Saved data entries:
....

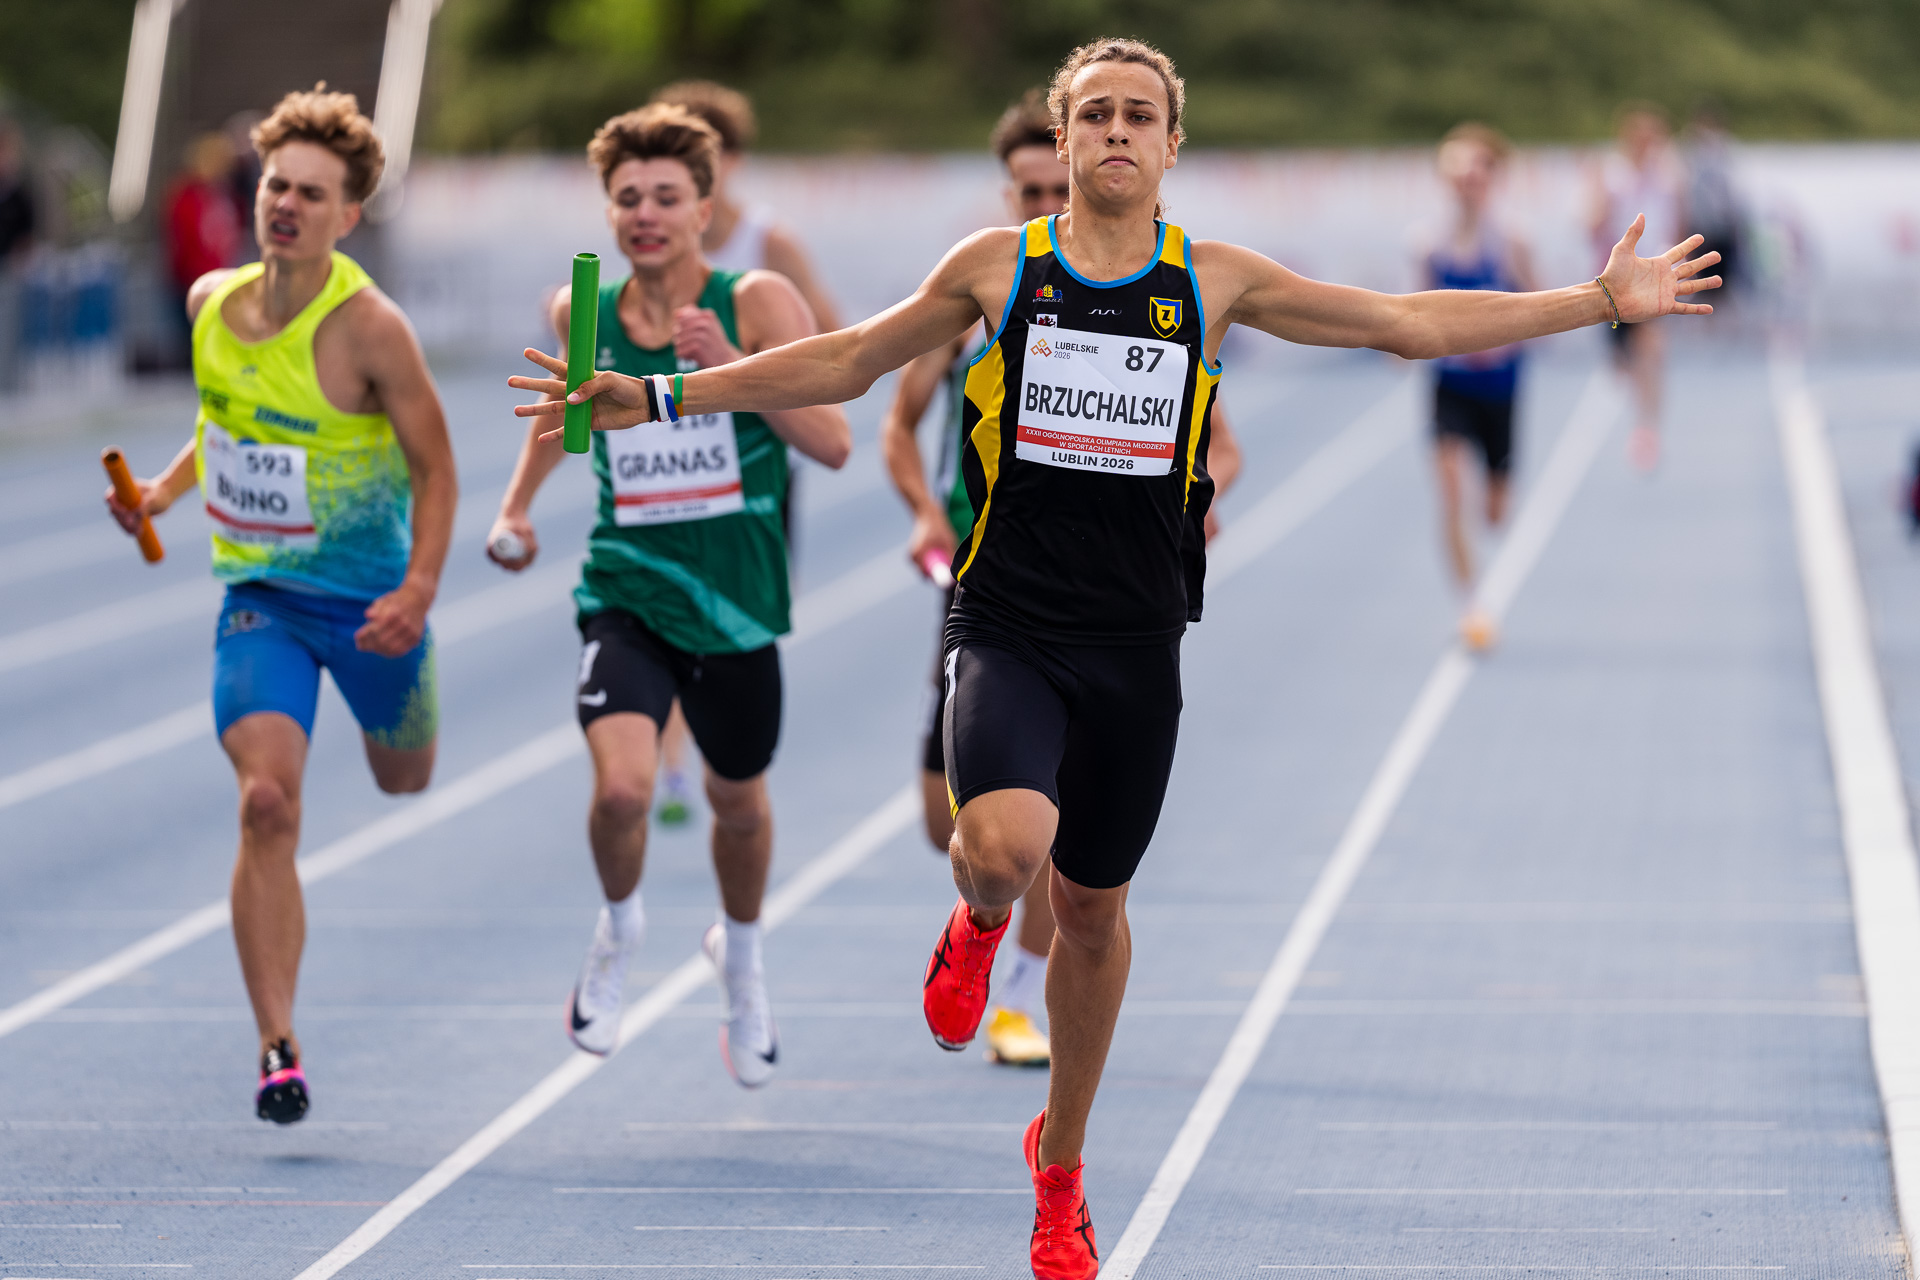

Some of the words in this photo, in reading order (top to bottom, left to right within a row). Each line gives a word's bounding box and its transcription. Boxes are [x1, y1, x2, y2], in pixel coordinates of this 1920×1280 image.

[1161, 309, 1171, 322] Z
[1054, 351, 1071, 360] 2026
[1055, 341, 1099, 355] LUBELSKIE
[1125, 345, 1165, 373] 87
[1025, 382, 1174, 427] BRZUCHALSKI
[1025, 428, 1041, 437] XXXII
[1042, 430, 1095, 444] OGÓLNOPOLSKA
[1096, 438, 1131, 448] OLIMPIADA
[1132, 442, 1167, 451] MŁODZIEŻY
[1067, 442, 1104, 452] SPORTACH
[1104, 446, 1131, 455] LETNICH
[246, 451, 292, 477] 593
[617, 445, 727, 480] GRANAS
[1051, 451, 1098, 467] LUBLIN
[1100, 457, 1134, 470] 2026

....

> Description of the task: Omit the pictures, then copy out all the data exactly as it stands.

> Written solution:
Some of the words in this photo, in reading order (top to bottom, left to right within a row). Each line gives a word's bounding box and its transcription. Boxes are [x1, y1, x2, y2], in pixel coordinates of this 1920×1280 image.

[1161, 309, 1171, 322] Z
[1054, 351, 1071, 360] 2026
[1055, 341, 1099, 355] LUBELSKIE
[1125, 345, 1165, 373] 87
[1025, 382, 1174, 427] BRZUCHALSKI
[1025, 428, 1041, 437] XXXII
[1042, 430, 1095, 444] OGÓLNOPOLSKA
[1096, 438, 1131, 448] OLIMPIADA
[1132, 442, 1167, 451] MŁODZIEŻY
[1067, 442, 1104, 452] SPORTACH
[1104, 446, 1131, 455] LETNICH
[246, 451, 292, 477] 593
[617, 445, 727, 480] GRANAS
[1051, 451, 1098, 467] LUBLIN
[1100, 457, 1134, 470] 2026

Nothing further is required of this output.